Exercise description: The response should contain all of the data below, reproduced exactly, and no pictures.

Exercise data:
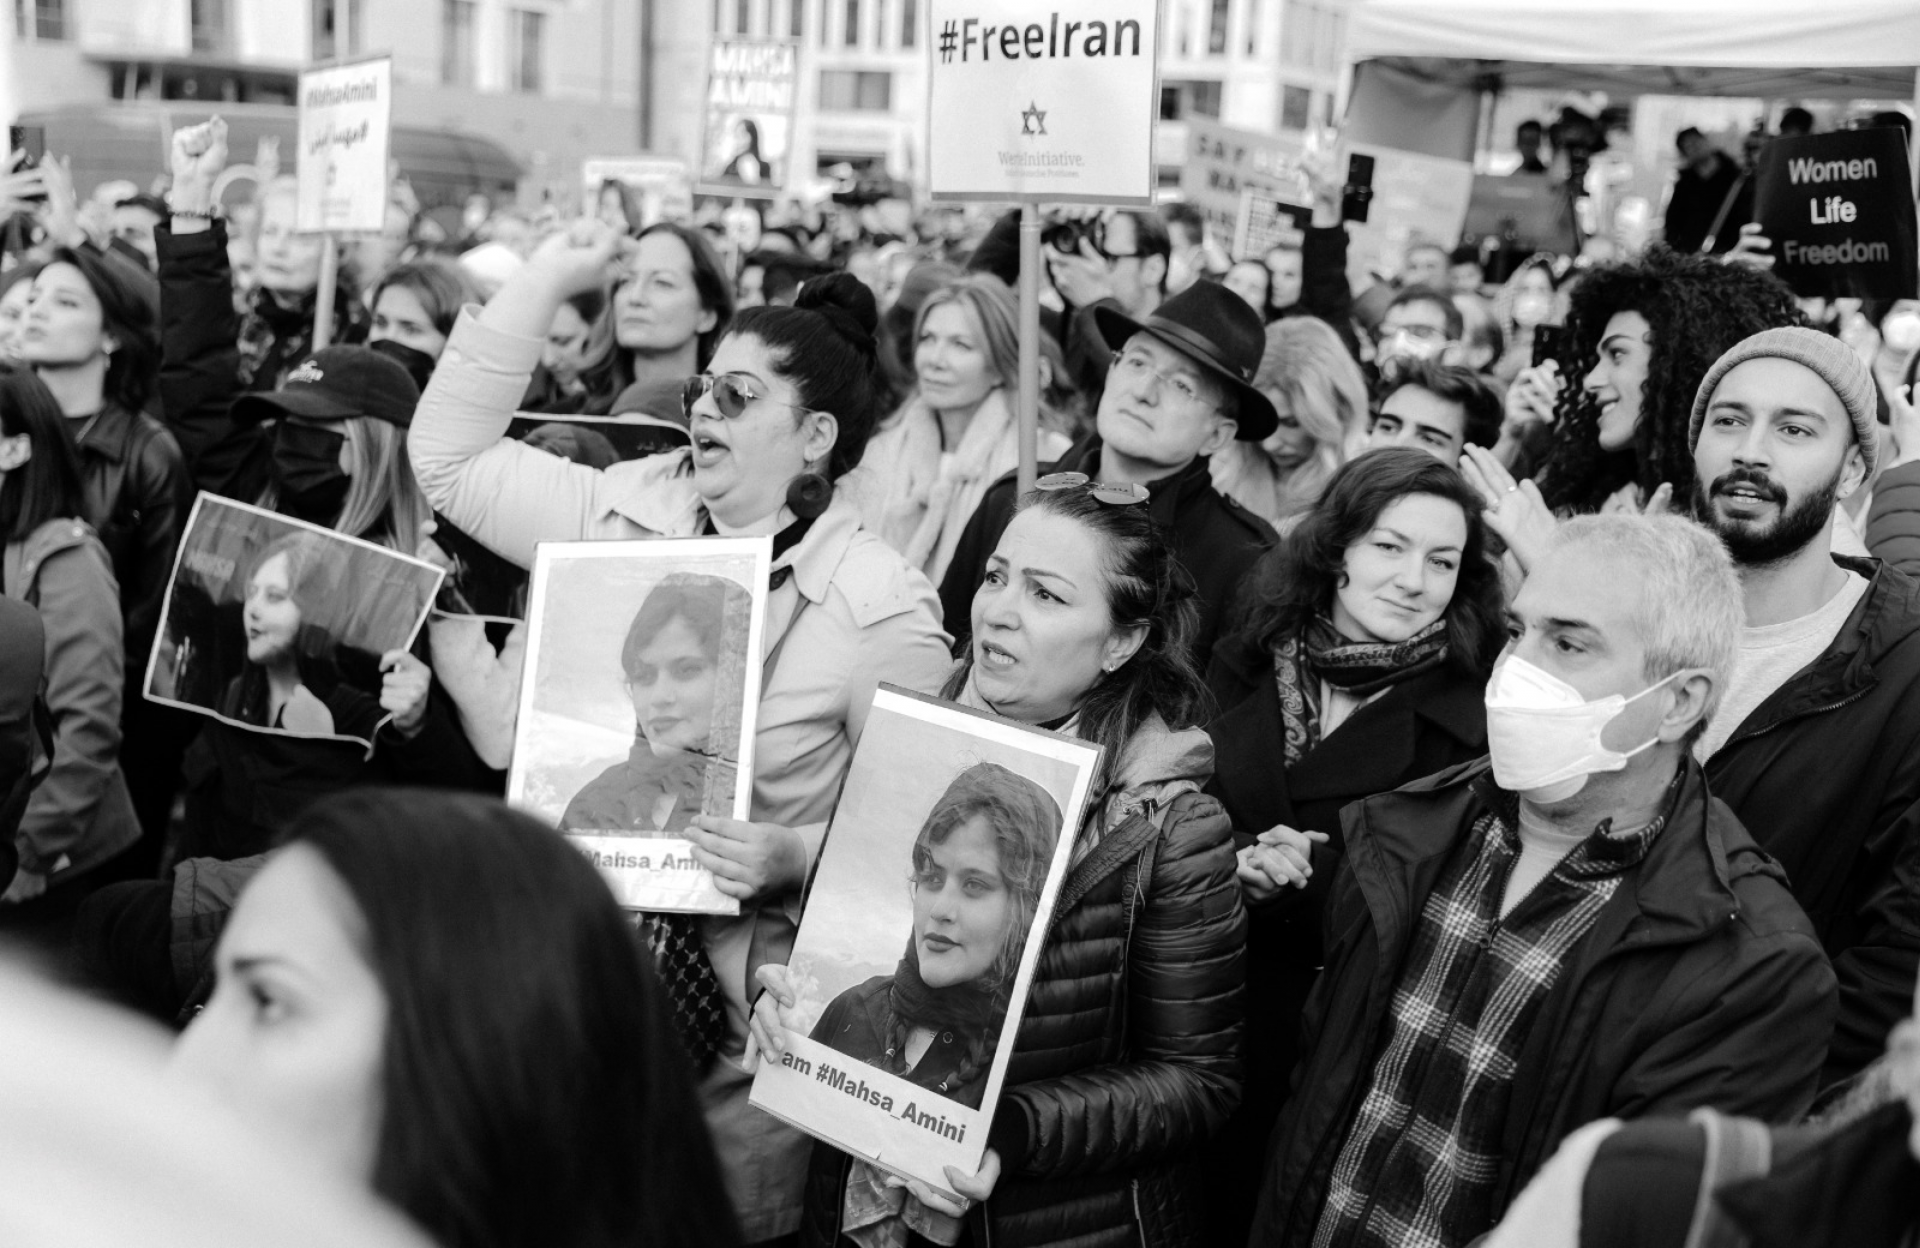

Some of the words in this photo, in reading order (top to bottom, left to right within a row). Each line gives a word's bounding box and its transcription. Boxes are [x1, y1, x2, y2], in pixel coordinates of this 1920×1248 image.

[940, 12, 1140, 64] #FreeIran
[1788, 157, 1878, 185] Women
[1810, 195, 1857, 225] Life
[1783, 237, 1889, 265] Freedom
[782, 1051, 812, 1076] am
[816, 1062, 967, 1144] #Mahsa_Amini
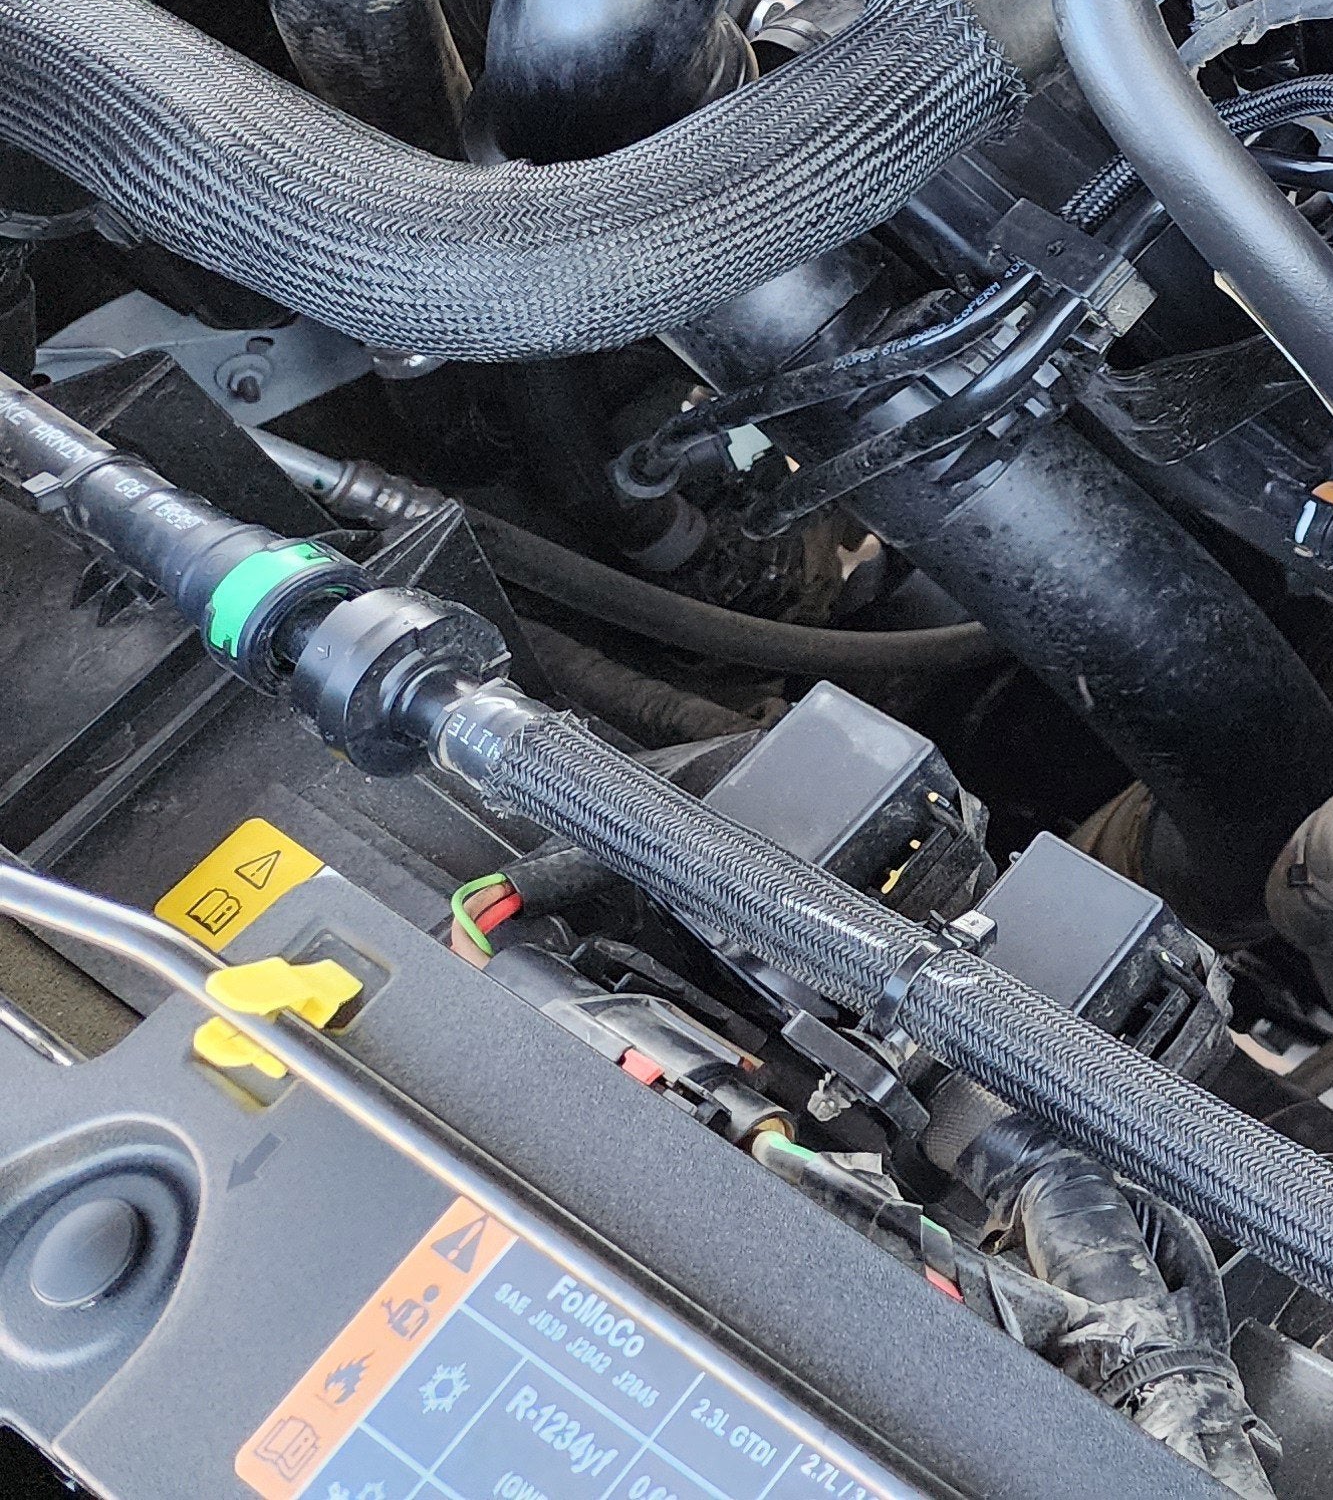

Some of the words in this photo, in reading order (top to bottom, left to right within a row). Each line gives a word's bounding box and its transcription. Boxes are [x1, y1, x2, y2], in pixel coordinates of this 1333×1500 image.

Task solution:
Some of the words in this photo, in reading order (top to bottom, left to right within a row). Each line gives a word's bounding box and its transcription. Boxes are [x1, y1, x2, y2], in pixel coordinates of this 1920×1248 image.

[940, 12, 1140, 64] #FreeIran
[1788, 157, 1878, 185] Women
[1810, 195, 1857, 225] Life
[1783, 237, 1889, 265] Freedom
[782, 1051, 812, 1076] am
[816, 1062, 967, 1144] #Mahsa_Amini

Some of the words in this photo, in reading order (top to bottom, left to right within a row). Each line gives a word's bounding box and its transcription. Boxes are [x1, y1, x2, y2], in pixel coordinates of this 1333×1500 image.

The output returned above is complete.